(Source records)
== Segment start ==

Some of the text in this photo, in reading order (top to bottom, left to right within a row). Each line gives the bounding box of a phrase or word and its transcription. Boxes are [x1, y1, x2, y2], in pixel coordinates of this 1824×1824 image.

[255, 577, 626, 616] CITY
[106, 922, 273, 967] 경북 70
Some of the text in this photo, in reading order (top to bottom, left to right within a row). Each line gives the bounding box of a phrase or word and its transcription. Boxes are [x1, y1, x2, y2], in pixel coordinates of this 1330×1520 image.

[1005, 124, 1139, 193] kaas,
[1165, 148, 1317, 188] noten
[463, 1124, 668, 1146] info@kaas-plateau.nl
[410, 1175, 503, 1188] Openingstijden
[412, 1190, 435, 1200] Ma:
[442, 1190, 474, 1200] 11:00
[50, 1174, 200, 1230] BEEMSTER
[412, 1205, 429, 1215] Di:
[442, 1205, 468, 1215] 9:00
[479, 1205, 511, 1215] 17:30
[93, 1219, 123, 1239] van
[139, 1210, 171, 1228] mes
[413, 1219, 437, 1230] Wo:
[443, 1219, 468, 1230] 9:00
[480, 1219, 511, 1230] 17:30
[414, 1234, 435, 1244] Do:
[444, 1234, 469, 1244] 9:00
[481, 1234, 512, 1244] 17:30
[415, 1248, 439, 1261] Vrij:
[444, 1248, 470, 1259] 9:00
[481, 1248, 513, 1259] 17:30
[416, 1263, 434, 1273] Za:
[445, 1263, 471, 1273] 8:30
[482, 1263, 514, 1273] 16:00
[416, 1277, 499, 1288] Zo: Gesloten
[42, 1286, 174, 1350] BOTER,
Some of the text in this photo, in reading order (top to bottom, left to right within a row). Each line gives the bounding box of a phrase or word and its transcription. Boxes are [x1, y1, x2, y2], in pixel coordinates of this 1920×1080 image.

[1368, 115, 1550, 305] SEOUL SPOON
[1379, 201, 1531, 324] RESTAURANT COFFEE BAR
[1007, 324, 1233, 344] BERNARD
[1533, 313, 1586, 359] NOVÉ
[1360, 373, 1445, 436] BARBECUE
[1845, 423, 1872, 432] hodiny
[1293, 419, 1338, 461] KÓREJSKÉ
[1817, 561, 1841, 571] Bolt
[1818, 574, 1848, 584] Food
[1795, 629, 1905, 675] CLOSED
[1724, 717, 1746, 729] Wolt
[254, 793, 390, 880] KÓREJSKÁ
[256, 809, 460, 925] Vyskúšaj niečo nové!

== Segment end ==

» **Task instructions**: Set the data down once more, exactly as it stands.

» **Task output**:
Some of the text in this photo, in reading order (top to bottom, left to right within a row). Each line gives the bounding box of a phrase or word and its transcription. Boxes are [x1, y1, x2, y2], in pixel coordinates of this 1824×1824 image.

[255, 577, 626, 616] CITY
[106, 922, 273, 967] 경북 70
Some of the text in this photo, in reading order (top to bottom, left to right within a row). Each line gives the bounding box of a phrase or word and its transcription. Boxes are [x1, y1, x2, y2], in pixel coordinates of this 1330×1520 image.

[1005, 124, 1139, 193] kaas,
[1165, 148, 1317, 188] noten
[463, 1124, 668, 1146] info@kaas-plateau.nl
[410, 1175, 503, 1188] Openingstijden
[412, 1190, 435, 1200] Ma:
[442, 1190, 474, 1200] 11:00
[50, 1174, 200, 1230] BEEMSTER
[412, 1205, 429, 1215] Di:
[442, 1205, 468, 1215] 9:00
[479, 1205, 511, 1215] 17:30
[93, 1219, 123, 1239] van
[139, 1210, 171, 1228] mes
[413, 1219, 437, 1230] Wo:
[443, 1219, 468, 1230] 9:00
[480, 1219, 511, 1230] 17:30
[414, 1234, 435, 1244] Do:
[444, 1234, 469, 1244] 9:00
[481, 1234, 512, 1244] 17:30
[415, 1248, 439, 1261] Vrij:
[444, 1248, 470, 1259] 9:00
[481, 1248, 513, 1259] 17:30
[416, 1263, 434, 1273] Za:
[445, 1263, 471, 1273] 8:30
[482, 1263, 514, 1273] 16:00
[416, 1277, 499, 1288] Zo: Gesloten
[42, 1286, 174, 1350] BOTER,
Some of the text in this photo, in reading order (top to bottom, left to right within a row). Each line gives the bounding box of a phrase or word and its transcription. Boxes are [x1, y1, x2, y2], in pixel coordinates of this 1920×1080 image.

[1368, 115, 1550, 305] SEOUL SPOON
[1379, 201, 1531, 324] RESTAURANT COFFEE BAR
[1007, 324, 1233, 344] BERNARD
[1533, 313, 1586, 359] NOVÉ
[1360, 373, 1445, 436] BARBECUE
[1845, 423, 1872, 432] hodiny
[1293, 419, 1338, 461] KÓREJSKÉ
[1817, 561, 1841, 571] Bolt
[1818, 574, 1848, 584] Food
[1795, 629, 1905, 675] CLOSED
[1724, 717, 1746, 729] Wolt
[254, 793, 390, 880] KÓREJSKÁ
[256, 809, 460, 925] Vyskúšaj niečo nové!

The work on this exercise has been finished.